**Exercise**:
Every entry below must be copied exactly, with nothing left out.
··· Supplied entries
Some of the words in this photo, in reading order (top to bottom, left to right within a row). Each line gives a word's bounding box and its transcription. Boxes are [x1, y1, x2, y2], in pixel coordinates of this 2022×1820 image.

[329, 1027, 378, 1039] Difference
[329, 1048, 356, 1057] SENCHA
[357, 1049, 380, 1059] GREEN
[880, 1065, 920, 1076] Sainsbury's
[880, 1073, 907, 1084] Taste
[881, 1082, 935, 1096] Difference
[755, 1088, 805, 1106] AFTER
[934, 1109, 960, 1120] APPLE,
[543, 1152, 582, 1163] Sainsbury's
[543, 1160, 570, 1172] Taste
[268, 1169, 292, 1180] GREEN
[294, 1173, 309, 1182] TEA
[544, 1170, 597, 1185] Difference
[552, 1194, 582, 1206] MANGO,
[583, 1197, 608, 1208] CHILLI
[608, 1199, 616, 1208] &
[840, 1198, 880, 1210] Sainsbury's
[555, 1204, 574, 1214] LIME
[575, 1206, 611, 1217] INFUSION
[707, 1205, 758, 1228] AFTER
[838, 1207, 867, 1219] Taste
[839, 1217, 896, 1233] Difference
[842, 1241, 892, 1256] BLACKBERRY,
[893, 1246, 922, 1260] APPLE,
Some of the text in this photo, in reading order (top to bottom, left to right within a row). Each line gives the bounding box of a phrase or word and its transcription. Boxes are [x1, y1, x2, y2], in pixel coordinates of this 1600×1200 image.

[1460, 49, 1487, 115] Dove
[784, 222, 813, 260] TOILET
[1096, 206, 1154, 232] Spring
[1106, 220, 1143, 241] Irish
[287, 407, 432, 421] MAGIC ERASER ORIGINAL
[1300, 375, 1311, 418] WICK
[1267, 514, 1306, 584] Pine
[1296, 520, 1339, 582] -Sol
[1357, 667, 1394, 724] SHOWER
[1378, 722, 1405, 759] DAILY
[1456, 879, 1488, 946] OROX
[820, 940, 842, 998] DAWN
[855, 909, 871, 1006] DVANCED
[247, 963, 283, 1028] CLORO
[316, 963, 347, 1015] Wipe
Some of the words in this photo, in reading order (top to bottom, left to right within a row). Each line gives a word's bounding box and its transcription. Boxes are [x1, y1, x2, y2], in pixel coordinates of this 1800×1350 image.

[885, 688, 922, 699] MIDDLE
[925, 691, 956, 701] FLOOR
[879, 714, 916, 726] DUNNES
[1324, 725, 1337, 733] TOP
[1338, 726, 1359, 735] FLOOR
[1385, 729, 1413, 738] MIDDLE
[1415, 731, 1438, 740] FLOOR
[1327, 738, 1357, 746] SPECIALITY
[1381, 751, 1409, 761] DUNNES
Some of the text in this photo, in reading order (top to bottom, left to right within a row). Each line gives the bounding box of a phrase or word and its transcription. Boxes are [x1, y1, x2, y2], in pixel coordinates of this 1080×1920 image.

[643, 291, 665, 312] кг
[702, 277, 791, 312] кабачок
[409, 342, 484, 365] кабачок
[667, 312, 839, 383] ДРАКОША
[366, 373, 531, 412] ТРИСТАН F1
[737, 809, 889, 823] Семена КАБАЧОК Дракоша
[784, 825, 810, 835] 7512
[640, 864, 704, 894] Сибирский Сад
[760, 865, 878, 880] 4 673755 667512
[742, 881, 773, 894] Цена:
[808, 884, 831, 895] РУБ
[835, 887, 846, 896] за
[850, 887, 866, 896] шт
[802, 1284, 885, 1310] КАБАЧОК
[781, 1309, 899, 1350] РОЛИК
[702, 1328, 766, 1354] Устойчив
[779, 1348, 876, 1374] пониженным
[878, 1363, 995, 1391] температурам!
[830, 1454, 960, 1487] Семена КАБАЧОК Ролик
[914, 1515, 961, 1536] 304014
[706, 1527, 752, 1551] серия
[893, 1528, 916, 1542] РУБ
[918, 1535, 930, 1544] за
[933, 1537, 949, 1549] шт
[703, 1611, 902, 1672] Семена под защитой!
······
**Exercise solution**:
Some of the words in this photo, in reading order (top to bottom, left to right within a row). Each line gives a word's bounding box and its transcription. Boxes are [x1, y1, x2, y2], in pixel coordinates of this 2022×1820 image.

[329, 1027, 378, 1039] Difference
[329, 1048, 356, 1057] SENCHA
[357, 1049, 380, 1059] GREEN
[880, 1065, 920, 1076] Sainsbury's
[880, 1073, 907, 1084] Taste
[881, 1082, 935, 1096] Difference
[755, 1088, 805, 1106] AFTER
[934, 1109, 960, 1120] APPLE,
[543, 1152, 582, 1163] Sainsbury's
[543, 1160, 570, 1172] Taste
[268, 1169, 292, 1180] GREEN
[294, 1173, 309, 1182] TEA
[544, 1170, 597, 1185] Difference
[552, 1194, 582, 1206] MANGO,
[583, 1197, 608, 1208] CHILLI
[608, 1199, 616, 1208] &
[840, 1198, 880, 1210] Sainsbury's
[555, 1204, 574, 1214] LIME
[575, 1206, 611, 1217] INFUSION
[707, 1205, 758, 1228] AFTER
[838, 1207, 867, 1219] Taste
[839, 1217, 896, 1233] Difference
[842, 1241, 892, 1256] BLACKBERRY,
[893, 1246, 922, 1260] APPLE,
Some of the text in this photo, in reading order (top to bottom, left to right within a row). Each line gives the bounding box of a phrase or word and its transcription. Boxes are [x1, y1, x2, y2], in pixel coordinates of this 1600×1200 image.

[1460, 49, 1487, 115] Dove
[784, 222, 813, 260] TOILET
[1096, 206, 1154, 232] Spring
[1106, 220, 1143, 241] Irish
[287, 407, 432, 421] MAGIC ERASER ORIGINAL
[1300, 375, 1311, 418] WICK
[1267, 514, 1306, 584] Pine
[1296, 520, 1339, 582] -Sol
[1357, 667, 1394, 724] SHOWER
[1378, 722, 1405, 759] DAILY
[1456, 879, 1488, 946] OROX
[820, 940, 842, 998] DAWN
[855, 909, 871, 1006] DVANCED
[247, 963, 283, 1028] CLORO
[316, 963, 347, 1015] Wipe
Some of the words in this photo, in reading order (top to bottom, left to right within a row). Each line gives a word's bounding box and its transcription. Boxes are [x1, y1, x2, y2], in pixel coordinates of this 1800×1350 image.

[885, 688, 922, 699] MIDDLE
[925, 691, 956, 701] FLOOR
[879, 714, 916, 726] DUNNES
[1324, 725, 1337, 733] TOP
[1338, 726, 1359, 735] FLOOR
[1385, 729, 1413, 738] MIDDLE
[1415, 731, 1438, 740] FLOOR
[1327, 738, 1357, 746] SPECIALITY
[1381, 751, 1409, 761] DUNNES
Some of the text in this photo, in reading order (top to bottom, left to right within a row). Each line gives the bounding box of a phrase or word and its transcription. Boxes are [x1, y1, x2, y2], in pixel coordinates of this 1080×1920 image.

[643, 291, 665, 312] кг
[702, 277, 791, 312] кабачок
[409, 342, 484, 365] кабачок
[667, 312, 839, 383] ДРАКОША
[366, 373, 531, 412] ТРИСТАН F1
[737, 809, 889, 823] Семена КАБАЧОК Дракоша
[784, 825, 810, 835] 7512
[640, 864, 704, 894] Сибирский Сад
[760, 865, 878, 880] 4 673755 667512
[742, 881, 773, 894] Цена:
[808, 884, 831, 895] РУБ
[835, 887, 846, 896] за
[850, 887, 866, 896] шт
[802, 1284, 885, 1310] КАБАЧОК
[781, 1309, 899, 1350] РОЛИК
[702, 1328, 766, 1354] Устойчив
[779, 1348, 876, 1374] пониженным
[878, 1363, 995, 1391] температурам!
[830, 1454, 960, 1487] Семена КАБАЧОК Ролик
[914, 1515, 961, 1536] 304014
[706, 1527, 752, 1551] серия
[893, 1528, 916, 1542] РУБ
[918, 1535, 930, 1544] за
[933, 1537, 949, 1549] шт
[703, 1611, 902, 1672] Семена под защитой!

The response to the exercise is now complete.